The court also ruled that a law drafted by parliament to bar senior former regime officials such as Shafiq from standing in elections was unconstitutional.

The law applies to those who served in the 10 years prior to Mubarak's ouster on February 11, 2011 after an 18-day popular uprising.
Mohammed al-Beltagi, a senior member of the FJP which dominates parliament, described the court's decision on parliament as part of a "military coup."

A series of measures, including giving the military powers of arrest, and then the court ruling were "a complete coup through which the military council erases the most honourable period in this nation's history," he said in a statement.


FJP leaders went into a closed meeting after the court's decision to consider their next option, one of them told AFP.

Their candidate Mohammed Mursi had just scraped by Shafiq to win the first round of the presidential election last month.

Outside the court dozens of people gathered to demand the application of the law, amid heavy security.

"That's it, the revolution is over," one protester shouted, as others chanted against the military.

"I reject Shafiq and Mursi, and if the court lets Shafiq stand or if there is a referendum on Mursi, we will go back to Tahrir," the epicentre of protests that toppled Mubarak, said writer Samara Sultan, 30, before the hearing.

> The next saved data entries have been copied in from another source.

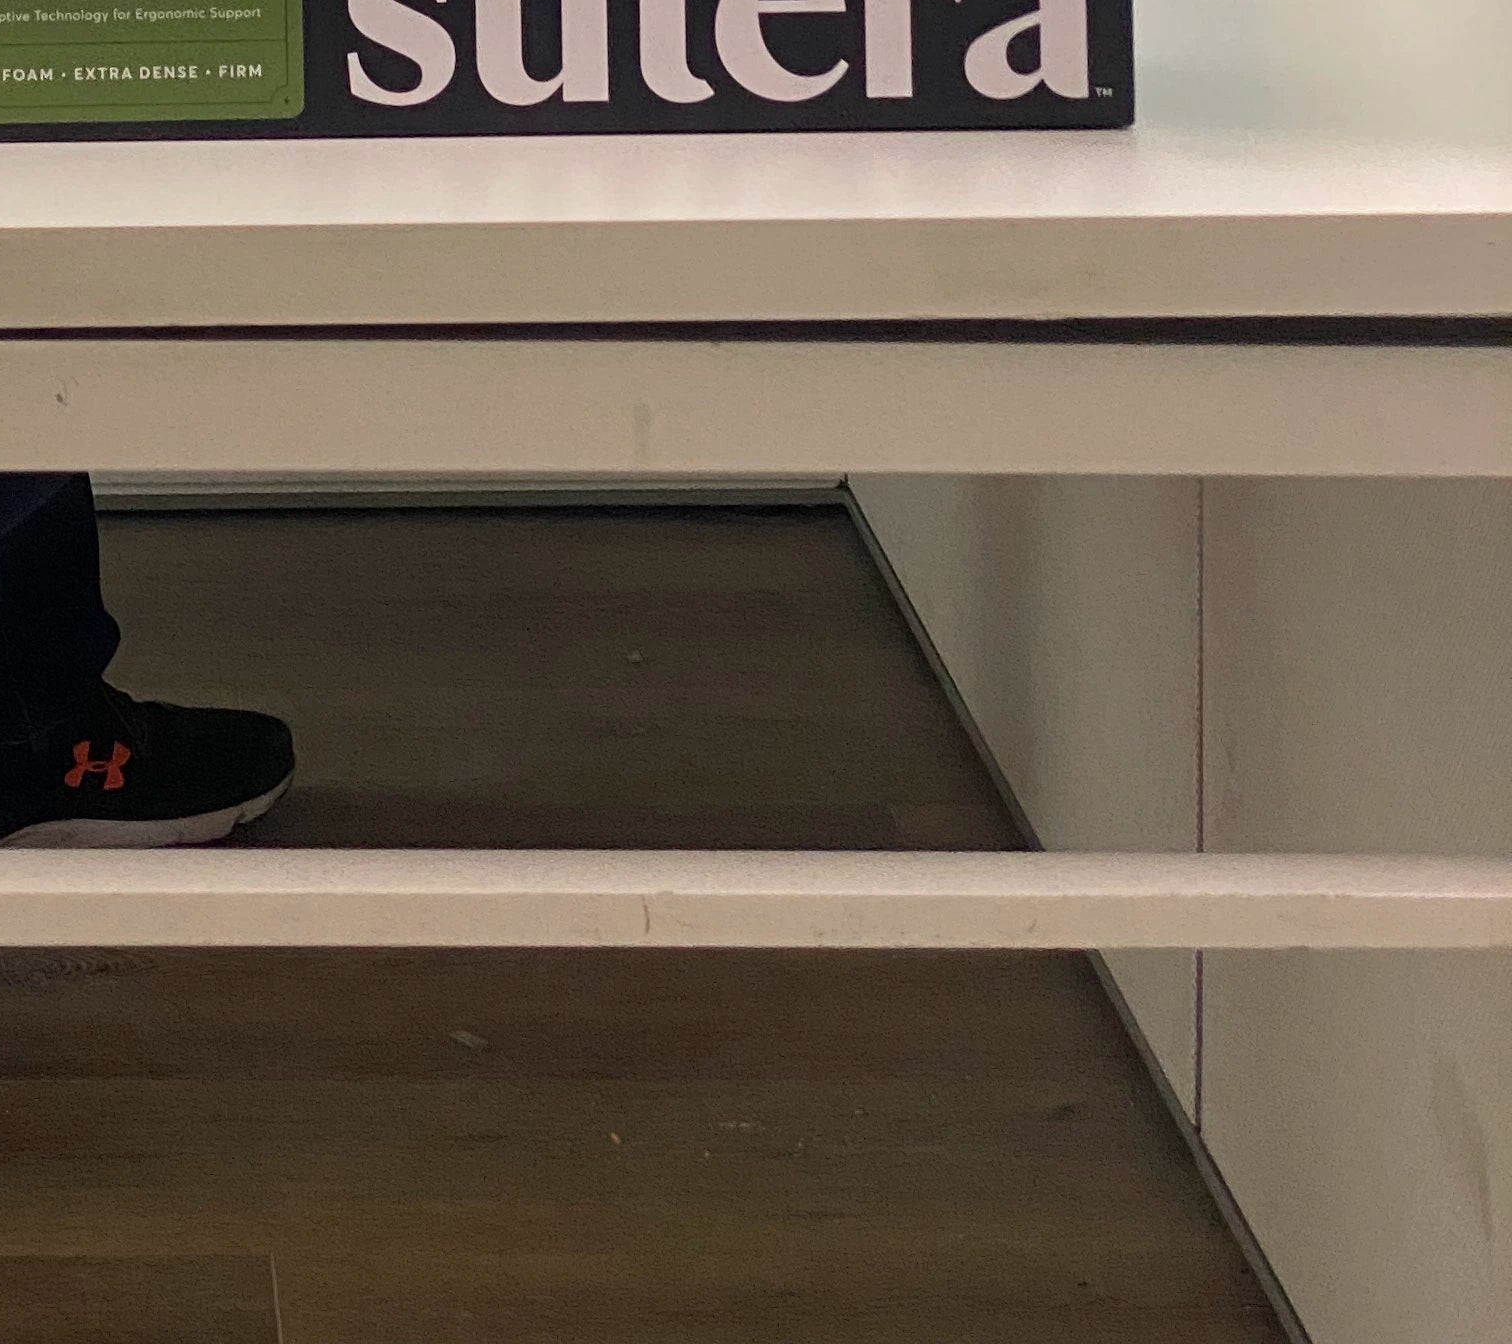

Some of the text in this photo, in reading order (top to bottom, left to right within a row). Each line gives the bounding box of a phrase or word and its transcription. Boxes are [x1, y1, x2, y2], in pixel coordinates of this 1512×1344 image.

[34, 9, 109, 24] Technology
[113, 7, 131, 20] for
[135, 7, 206, 23] Ergonomic
[209, 6, 262, 21] Support
[2, 67, 54, 82] FOAM
[74, 66, 133, 81] EXTRA
[139, 65, 199, 80] DENSE
[218, 63, 263, 79] FIRM

"We want the court to fix the parliament and the only way to do that is to repeat" the election, she said.

Ahmed Said, a film-maker from Cairo, said parliament was "full of people who use religion and don't care about Egypt. We need people who can make a new Egypt.

"The elections were a fraud and we need the court to order them to be repeated. Shafiq is like Mubarak and we will never accept him," he said.

Shafiq was initially barred from standing in the election in accordance with the law passed by parliament in April.

But later that month the electoral commission accepted an appeal from Shafiq against his disqualification and the case was referred to the court.

Thursday's ruling came just two days before the landmark run-off to choose a successor to Mubarak.

In the first round of voting on May 23-24 -- which saw 13 candidates stand for the top job -- Mursi won 24.7 percent of the vote, slightly ahead of Shafiq's 23.6 percent.

The race has polarised the nation between those who fear a return to the old regime under Shafiq's leadership, and those wanting to keep religion out of politics and who accuse the Muslim Brotherhood of monopolising power since last year's revolt.

The next president will inherit a struggling economy, deteriorating security and the challenge of uniting a nation divided by the uprising and its sometimes deadly aftermath, but his powers are yet to be defined by a new constitution.